Given an uncountable set of real numbers $S$, for any real number $r$, is there a Turing machine that computes $r$ given an oracle for some countable subset of $S$?
If yes, then is there a Turing machine that computes $r$ given some finite subset of $S$?
For simplicity, by "real" I mean "infinite binary sequence;" there's a slight hiccup here vis-a-vis the dyadic rationals, but since Turing machines really act on the expansions of reals and not the reals themselves this is actually more appropriate.

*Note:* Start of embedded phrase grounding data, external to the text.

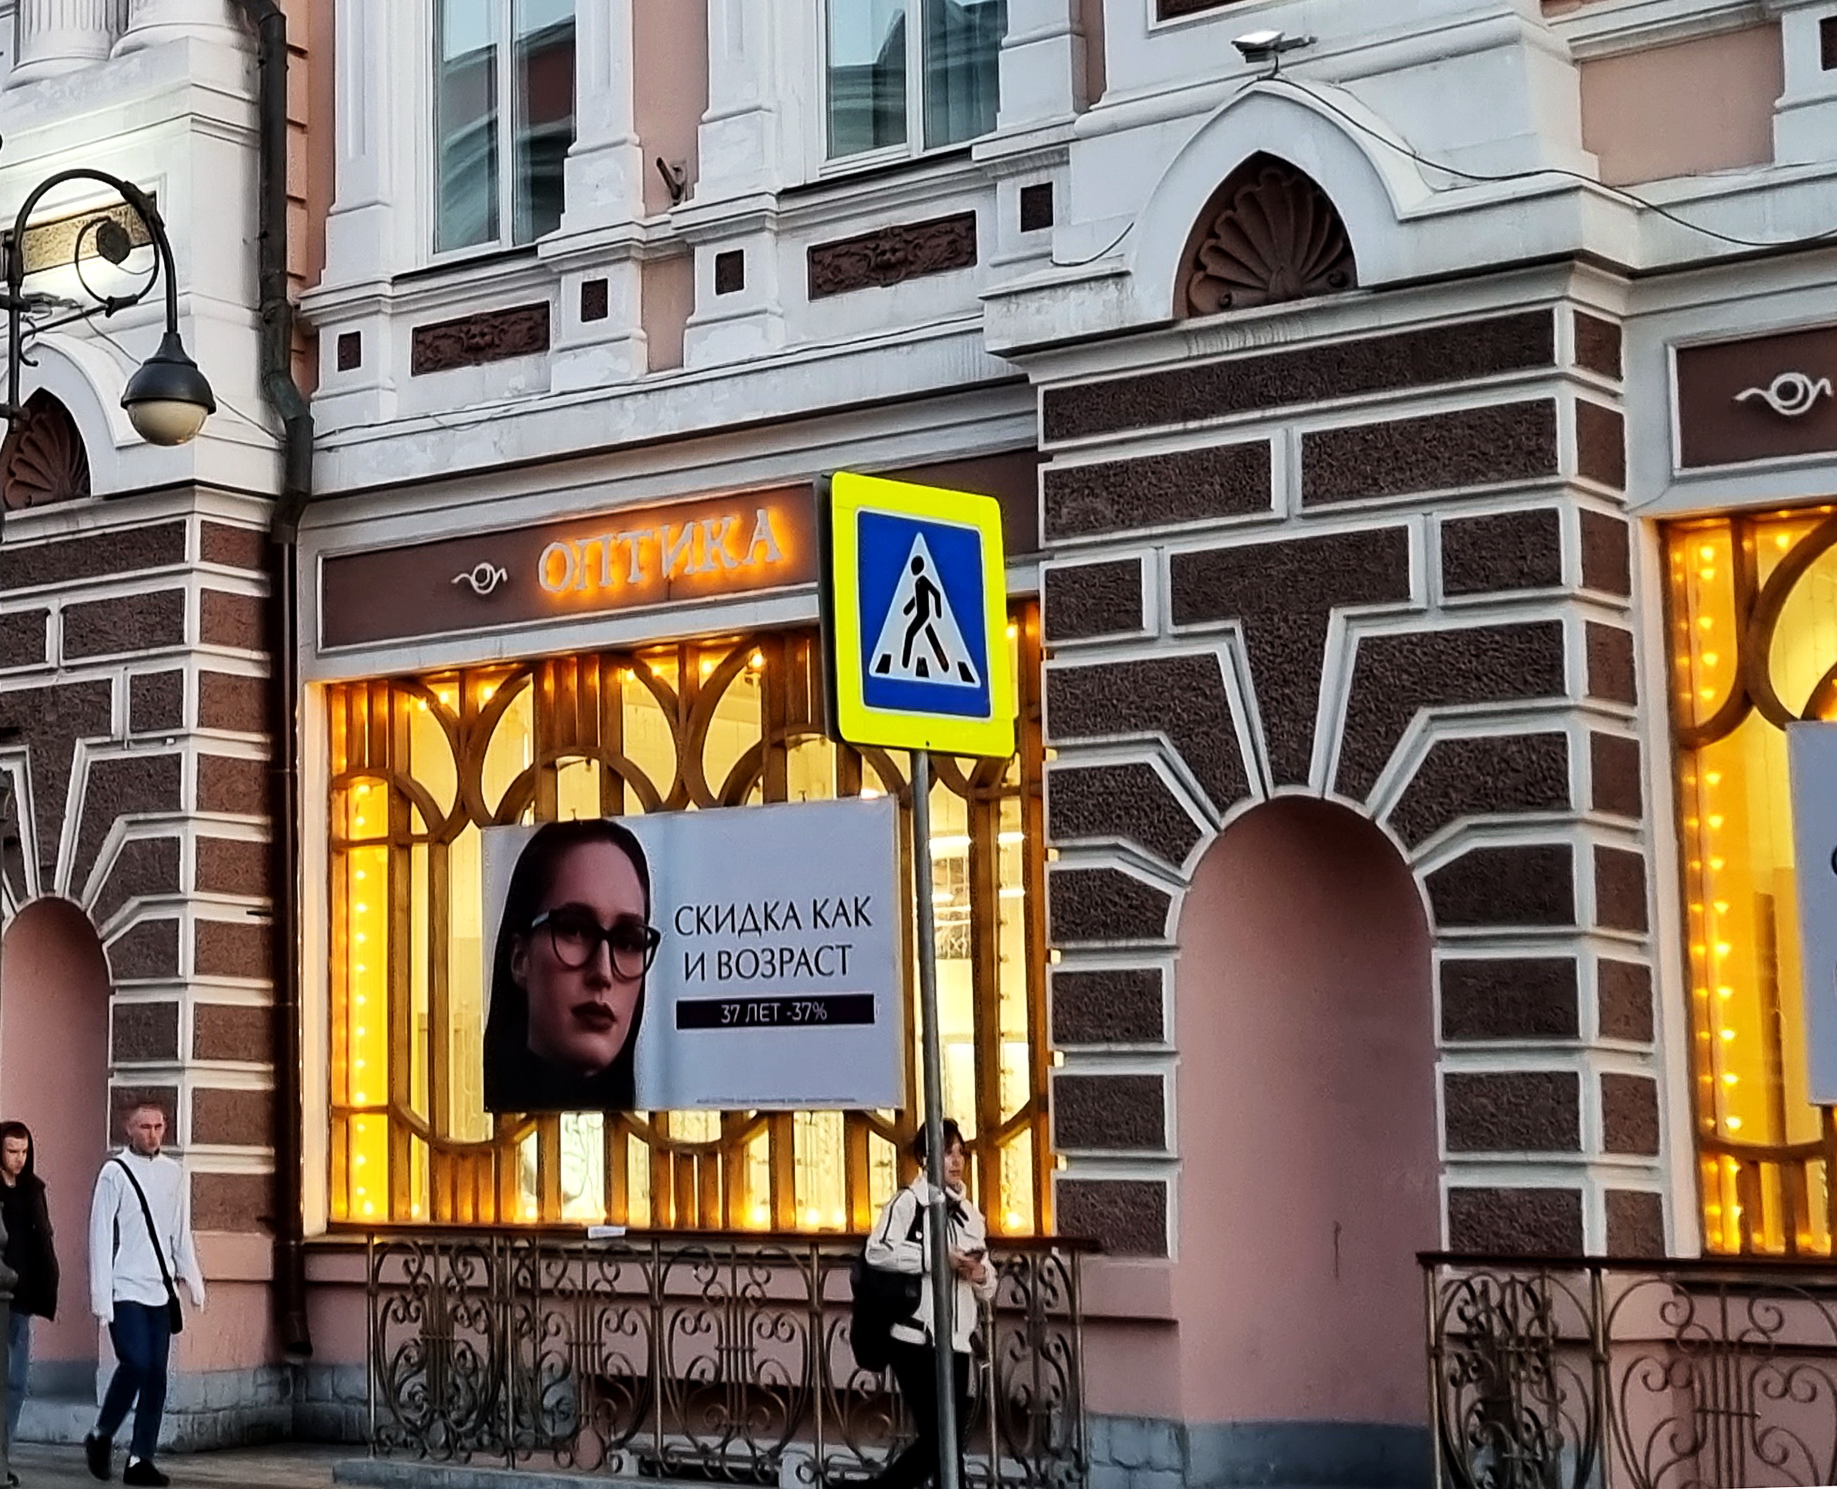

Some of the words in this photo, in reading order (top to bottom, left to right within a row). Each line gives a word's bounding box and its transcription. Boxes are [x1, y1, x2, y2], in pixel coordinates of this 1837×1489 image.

[537, 508, 784, 593] ОПТИКА
[674, 900, 803, 939] СКИДКА
[812, 895, 873, 930] КАК
[683, 951, 706, 982] И
[717, 944, 853, 981] ВОЗРАСТ
[720, 1003, 741, 1024] 37
[745, 1002, 781, 1024] ЛЕТ
[786, 1000, 829, 1022] -37%
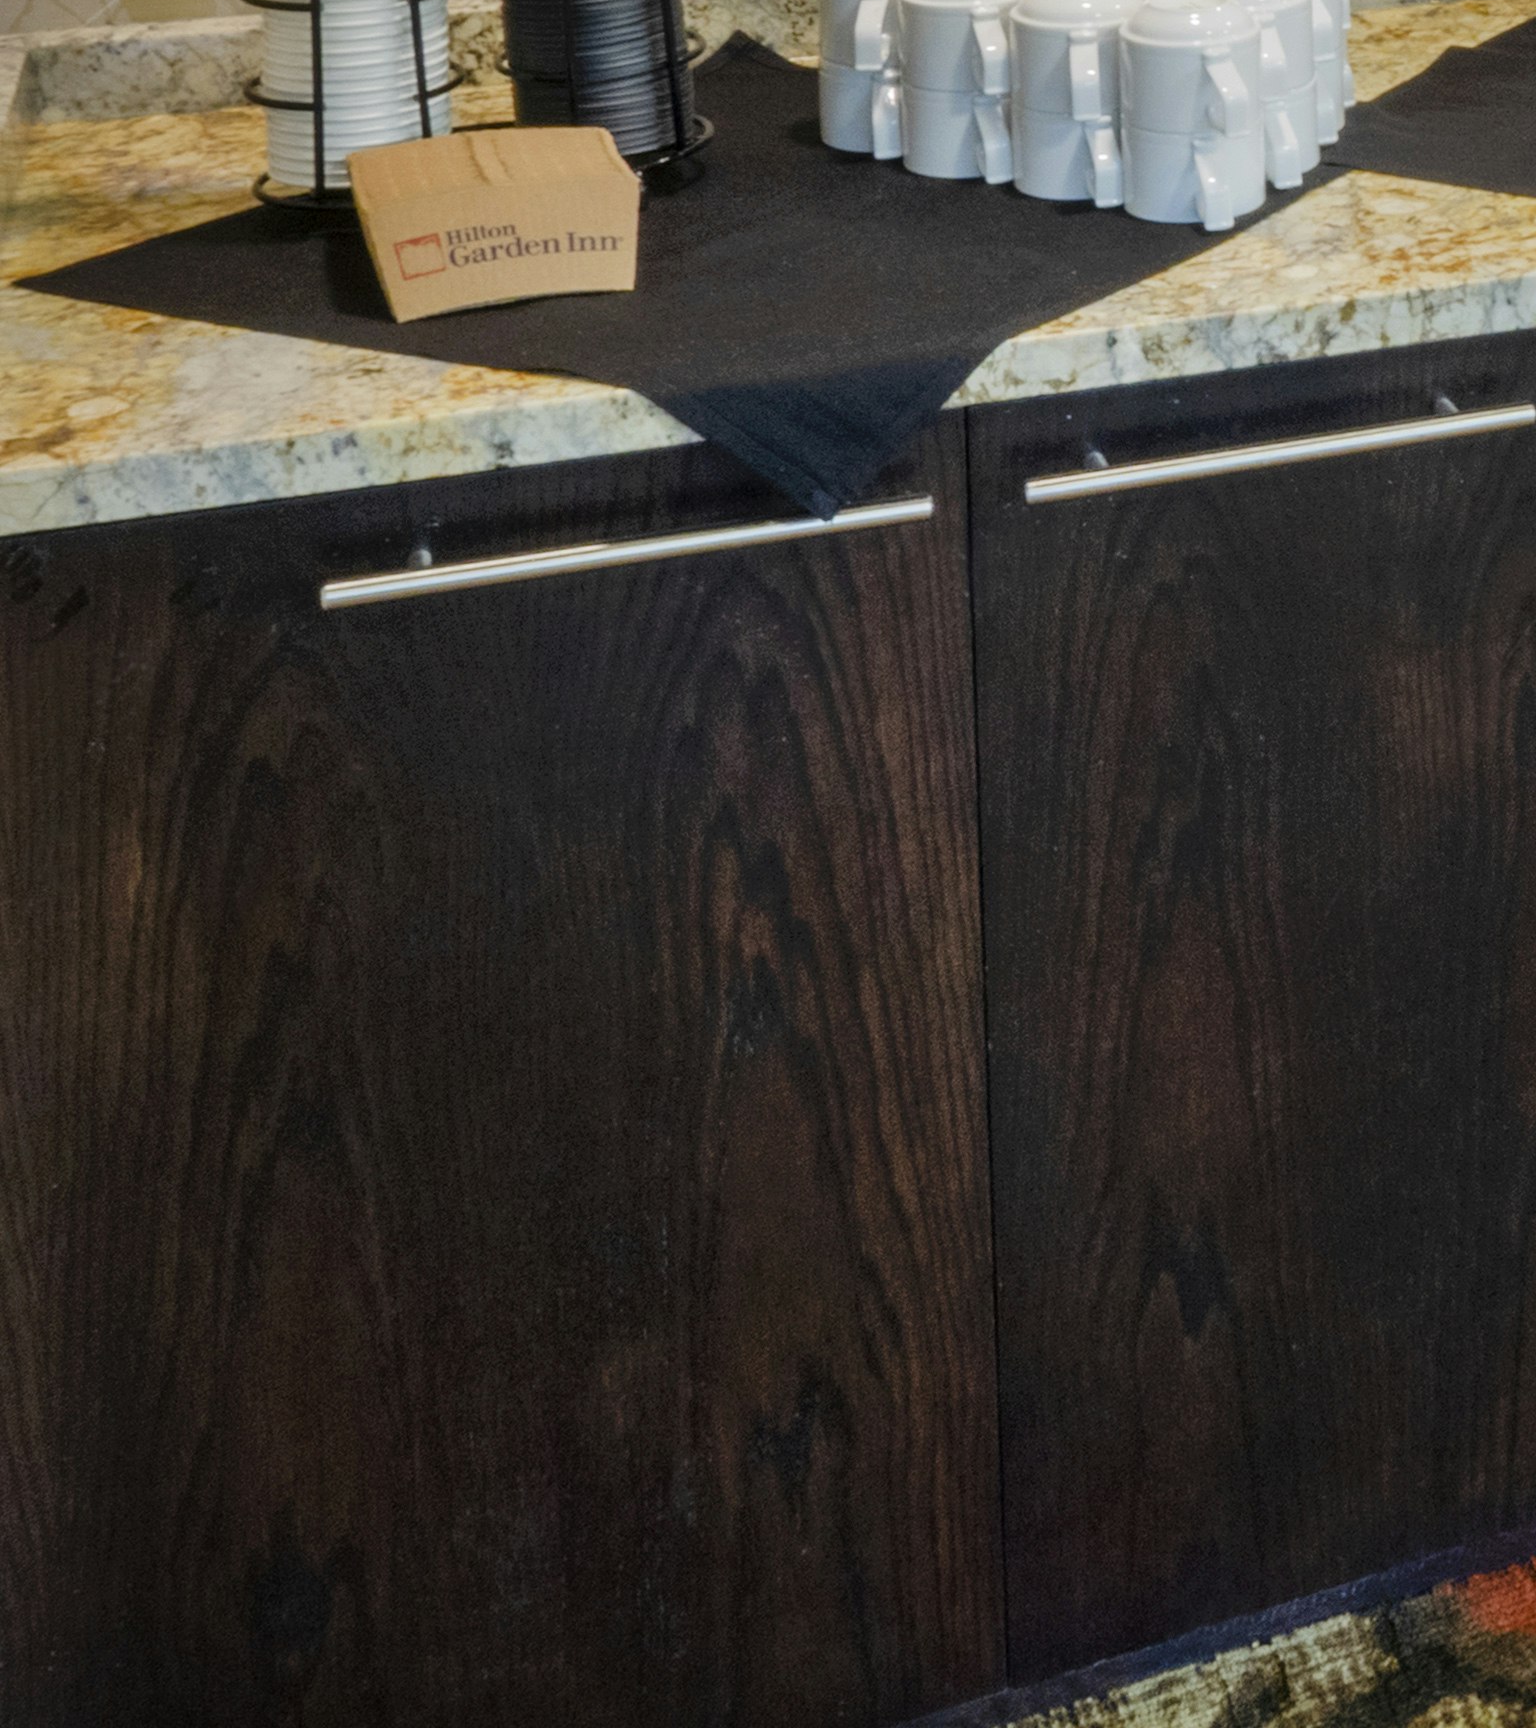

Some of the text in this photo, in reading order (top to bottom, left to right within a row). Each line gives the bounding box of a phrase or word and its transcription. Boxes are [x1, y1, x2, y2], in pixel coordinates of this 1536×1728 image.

[445, 223, 517, 246] Hilton
[449, 231, 620, 268] Garden Inn
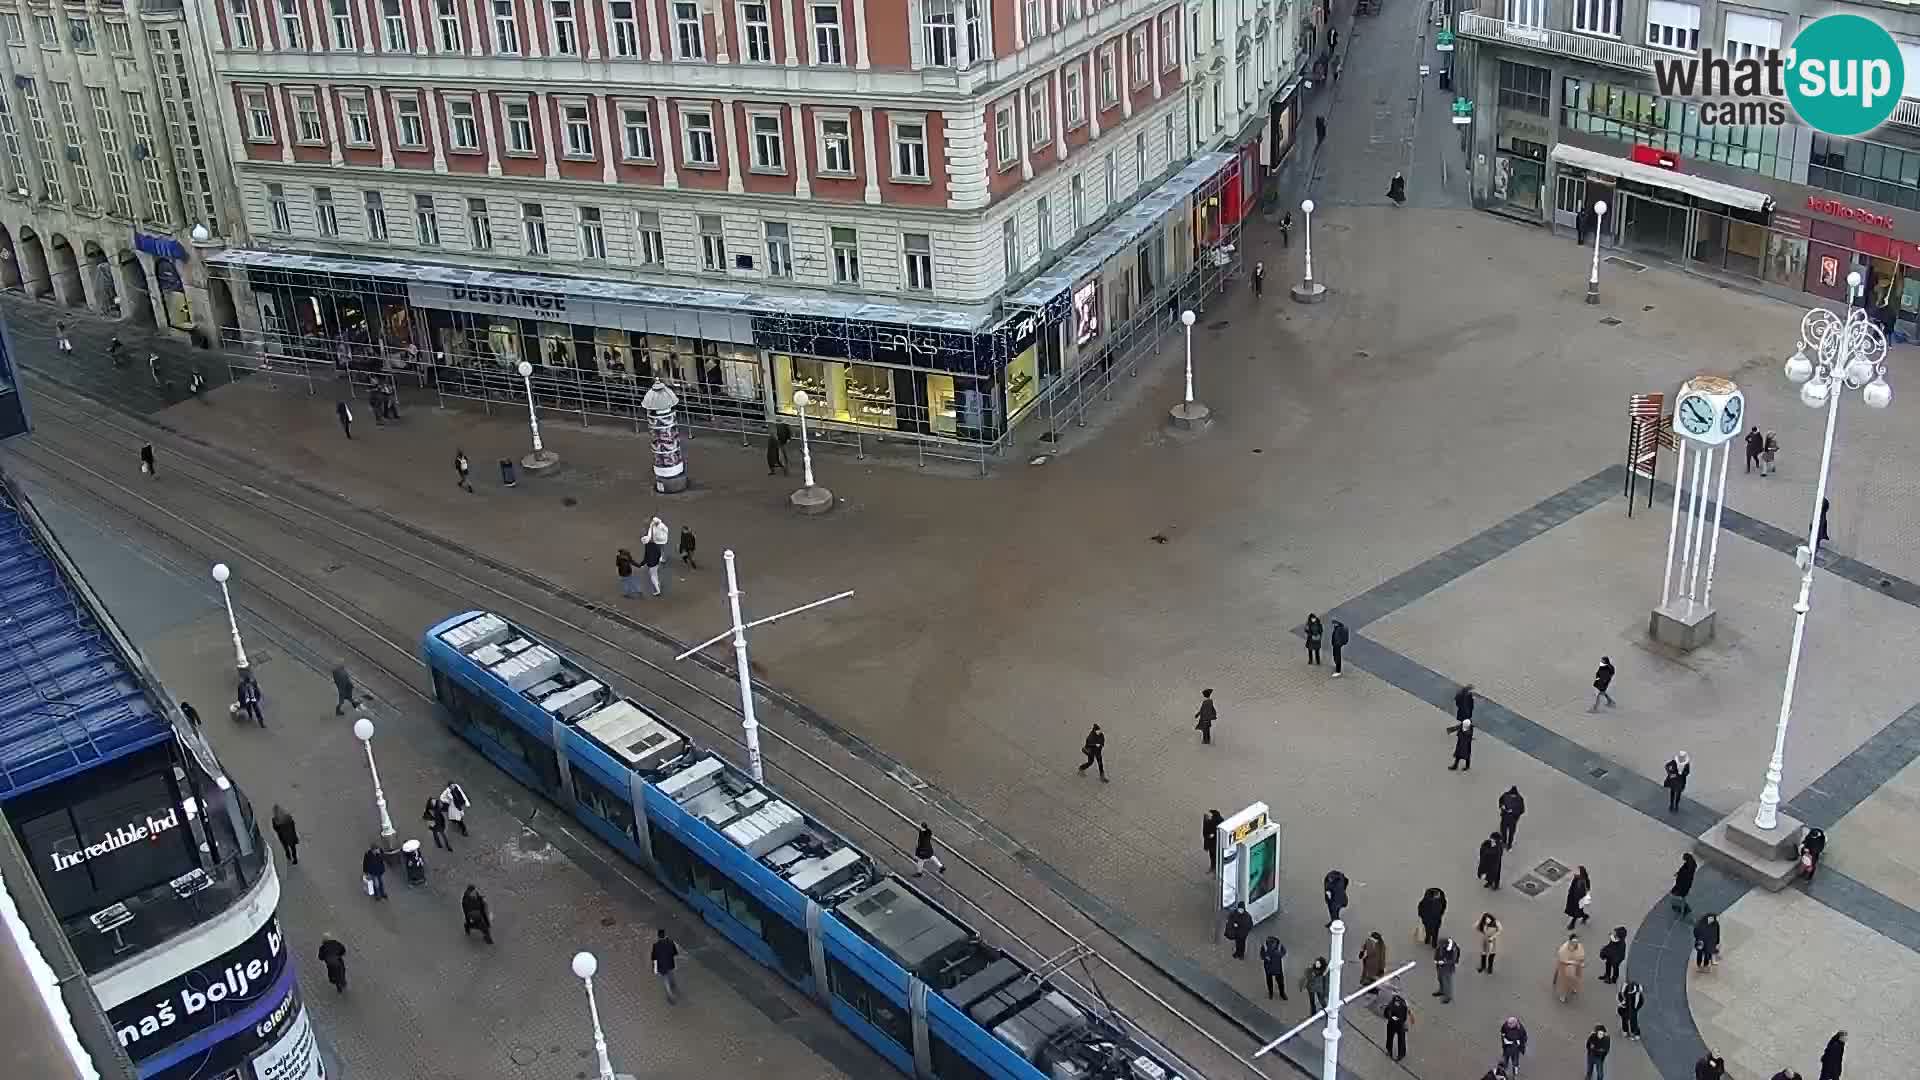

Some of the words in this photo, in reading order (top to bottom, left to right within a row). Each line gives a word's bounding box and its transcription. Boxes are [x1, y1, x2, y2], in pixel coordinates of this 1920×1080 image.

[453, 285, 566, 312] DESSANGE
[117, 999, 176, 1047] naš
[181, 958, 269, 1015] bolje,

Note that there's an important subtlety when talking about using a countable set of reals as an oracle: you're not really using a countable set of reals, but rather a countable sequence of reals (e.g. when you say "all of the real numbers interlaced together," there are different ways to do this for the same set of reals).
Now this may seem benign, but it's definitely not:
An earlier version of this answer gave a vastly over-complicated argument.
Proof: First, a bit of notation. Given distinct reals $s,t\in 2^\omega$, write $s\triangleleft t$ iff $s(n)<t(n)$ where $n$ is the first point of difference between $s$ and $t$. Note that we can computably in $s$ and $t$ determine whether $s\triangleleft t$ or $t\triangleleft s$.
Now fix some enumeration $(a_i)_{i\in\omega}$ of $A$, with all the $a_i$s distinct (we can do this since $A$ is infinite). We define a new enumeration $(b_i)_{i\in\omega}$ of $A$ by permuting adjacent pairs of $a_i$s in order to code $r$ into the "pattern of first differences." Specifically, say that $i\in\omega$ is correct iff $$r(i)=0\leftrightarrow a_{2i}\triangleleft a_{2i+1}.$$
Now define reals $b_i$ for $i\in\omega$ as follows:
If $i$ is correct then $b_{2i}=a_{2i}$ and $b_{2i+1}=a_{2i+1}$.
If $i$ is not correct then $b_{2i}=a_{2i+1}$ and $b_{2i+1}=a_{2i}$.
The sequence $(b_i)_{i\in\omega}$ is then an enumeration of $A$, and for each $i$ we have $$r(i)=0\leftrightarrow b_{2i}\triangleleft b_{2i+1}.$$ So $\bigoplus_{i\in\omega}b_i\ge_Tr$.
To address the second part of your question (which I forgot about), the answer is no, and there are many ways to prove this. For example, by transfinite recursion (HINT: use the exact pair theorem) we can define a $<_T$-increasing sequence of reals $r_\eta$ (for $\eta<\omega_1$) such that no $r_\eta$ computes (say) $0'$; since the sequences is $<_T$-increasing, this means no finite set of $r_\eta$s computes $0'$ either.
Actually, though, with a bit of work we can do much better. We can produce a perfect set (closed with no isolated points - all such have size continuum) of reals no finitely many of which compute (say) $0'$. Roughly, this works as follows. We want to build a function $F$ from $2^{<\omega}$ to $2^{<\omega}$ with the following properties:
$\sigma\prec\tau$ iff $F(\sigma)\prec F(\tau)$.
For all $n\in\mathbb{N}$ - and letting $\{\sigma_j: j<2^n\}$ list the binary strings of length $n$ - we have $$\Phi_n^{g_0\oplus g_1\oplus ...\oplus g_{2^n-1}}\not=0'$$ whenever $g_j\succ F(\sigma_j)$ (for $j<2^n$).
(Of course, we must show that such a tree exists, but it's not too hard - the key point being that $0'$ isn't computable, so we can't get "stuck" at any finite stage in the construction of $F$ since otherwise we'd be able to figure out what $0'$ is from finite information; note that this is not to say that $F$ is computable (it isn't).)
Given $f\in 2^\omega$, we let $f^*$ be the real $$\bigcup_{\sigma\prec f}F(\sigma);$$ our set $S$ will then be $\{f^*: f\in 2^\omega\}$.